• [AIM OF THE TASK] Output every entry exactly as written.

________________________

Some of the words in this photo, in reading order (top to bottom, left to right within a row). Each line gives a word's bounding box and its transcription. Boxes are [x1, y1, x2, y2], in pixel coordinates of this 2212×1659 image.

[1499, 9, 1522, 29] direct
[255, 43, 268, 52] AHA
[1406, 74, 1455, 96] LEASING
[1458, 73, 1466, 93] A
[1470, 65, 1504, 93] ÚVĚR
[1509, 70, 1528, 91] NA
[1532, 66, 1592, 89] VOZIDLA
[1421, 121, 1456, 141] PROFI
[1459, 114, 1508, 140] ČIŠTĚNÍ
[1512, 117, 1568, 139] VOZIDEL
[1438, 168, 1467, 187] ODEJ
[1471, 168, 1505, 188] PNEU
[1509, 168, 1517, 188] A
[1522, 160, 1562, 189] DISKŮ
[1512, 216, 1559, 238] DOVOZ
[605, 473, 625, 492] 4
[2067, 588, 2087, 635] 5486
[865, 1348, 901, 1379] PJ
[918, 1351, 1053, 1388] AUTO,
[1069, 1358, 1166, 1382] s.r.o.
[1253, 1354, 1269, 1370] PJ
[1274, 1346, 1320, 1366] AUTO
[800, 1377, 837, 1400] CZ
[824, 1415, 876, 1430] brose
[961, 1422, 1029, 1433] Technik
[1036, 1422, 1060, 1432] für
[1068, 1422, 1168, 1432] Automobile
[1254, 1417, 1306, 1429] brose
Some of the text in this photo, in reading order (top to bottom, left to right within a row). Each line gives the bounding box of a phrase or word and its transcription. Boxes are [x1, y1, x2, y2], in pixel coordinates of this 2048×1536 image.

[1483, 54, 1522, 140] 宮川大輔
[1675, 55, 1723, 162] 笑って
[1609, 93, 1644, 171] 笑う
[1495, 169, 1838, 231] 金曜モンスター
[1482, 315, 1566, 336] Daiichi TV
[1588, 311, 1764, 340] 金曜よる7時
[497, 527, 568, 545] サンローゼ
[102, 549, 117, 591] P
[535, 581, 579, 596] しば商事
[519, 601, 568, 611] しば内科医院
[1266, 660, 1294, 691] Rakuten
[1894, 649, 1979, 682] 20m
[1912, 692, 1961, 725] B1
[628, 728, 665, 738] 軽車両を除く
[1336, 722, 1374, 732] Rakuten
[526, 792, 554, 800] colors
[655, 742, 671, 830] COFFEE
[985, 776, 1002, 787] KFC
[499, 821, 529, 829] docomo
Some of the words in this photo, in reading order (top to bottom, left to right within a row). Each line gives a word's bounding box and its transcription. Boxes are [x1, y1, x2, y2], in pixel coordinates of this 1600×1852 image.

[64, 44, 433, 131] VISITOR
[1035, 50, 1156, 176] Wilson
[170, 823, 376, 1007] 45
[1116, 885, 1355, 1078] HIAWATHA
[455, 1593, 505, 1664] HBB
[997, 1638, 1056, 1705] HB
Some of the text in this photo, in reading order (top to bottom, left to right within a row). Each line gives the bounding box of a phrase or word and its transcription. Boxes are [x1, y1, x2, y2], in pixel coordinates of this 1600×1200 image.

________________________

• [WRITTEN RESPONSE]
Some of the words in this photo, in reading order (top to bottom, left to right within a row). Each line gives a word's bounding box and its transcription. Boxes are [x1, y1, x2, y2], in pixel coordinates of this 2212×1659 image.

[1499, 9, 1522, 29] direct
[255, 43, 268, 52] AHA
[1406, 74, 1455, 96] LEASING
[1458, 73, 1466, 93] A
[1470, 65, 1504, 93] ÚVĚR
[1509, 70, 1528, 91] NA
[1532, 66, 1592, 89] VOZIDLA
[1421, 121, 1456, 141] PROFI
[1459, 114, 1508, 140] ČIŠTĚNÍ
[1512, 117, 1568, 139] VOZIDEL
[1438, 168, 1467, 187] ODEJ
[1471, 168, 1505, 188] PNEU
[1509, 168, 1517, 188] A
[1522, 160, 1562, 189] DISKŮ
[1512, 216, 1559, 238] DOVOZ
[605, 473, 625, 492] 4
[2067, 588, 2087, 635] 5486
[865, 1348, 901, 1379] PJ
[918, 1351, 1053, 1388] AUTO,
[1069, 1358, 1166, 1382] s.r.o.
[1253, 1354, 1269, 1370] PJ
[1274, 1346, 1320, 1366] AUTO
[800, 1377, 837, 1400] CZ
[824, 1415, 876, 1430] brose
[961, 1422, 1029, 1433] Technik
[1036, 1422, 1060, 1432] für
[1068, 1422, 1168, 1432] Automobile
[1254, 1417, 1306, 1429] brose
Some of the text in this photo, in reading order (top to bottom, left to right within a row). Each line gives the bounding box of a phrase or word and its transcription. Boxes are [x1, y1, x2, y2], in pixel coordinates of this 2048×1536 image.

[1483, 54, 1522, 140] 宮川大輔
[1675, 55, 1723, 162] 笑って
[1609, 93, 1644, 171] 笑う
[1495, 169, 1838, 231] 金曜モンスター
[1482, 315, 1566, 336] Daiichi TV
[1588, 311, 1764, 340] 金曜よる7時
[497, 527, 568, 545] サンローゼ
[102, 549, 117, 591] P
[535, 581, 579, 596] しば商事
[519, 601, 568, 611] しば内科医院
[1266, 660, 1294, 691] Rakuten
[1894, 649, 1979, 682] 20m
[1912, 692, 1961, 725] B1
[628, 728, 665, 738] 軽車両を除く
[1336, 722, 1374, 732] Rakuten
[526, 792, 554, 800] colors
[655, 742, 671, 830] COFFEE
[985, 776, 1002, 787] KFC
[499, 821, 529, 829] docomo
Some of the words in this photo, in reading order (top to bottom, left to right within a row). Each line gives a word's bounding box and its transcription. Boxes are [x1, y1, x2, y2], in pixel coordinates of this 1600×1852 image.

[64, 44, 433, 131] VISITOR
[1035, 50, 1156, 176] Wilson
[170, 823, 376, 1007] 45
[1116, 885, 1355, 1078] HIAWATHA
[455, 1593, 505, 1664] HBB
[997, 1638, 1056, 1705] HB
Some of the text in this photo, in reading order (top to bottom, left to right within a row). Each line gives the bounding box of a phrase or word and its transcription. Boxes are [x1, y1, x2, y2], in pixel coordinates of this 1600×1200 image.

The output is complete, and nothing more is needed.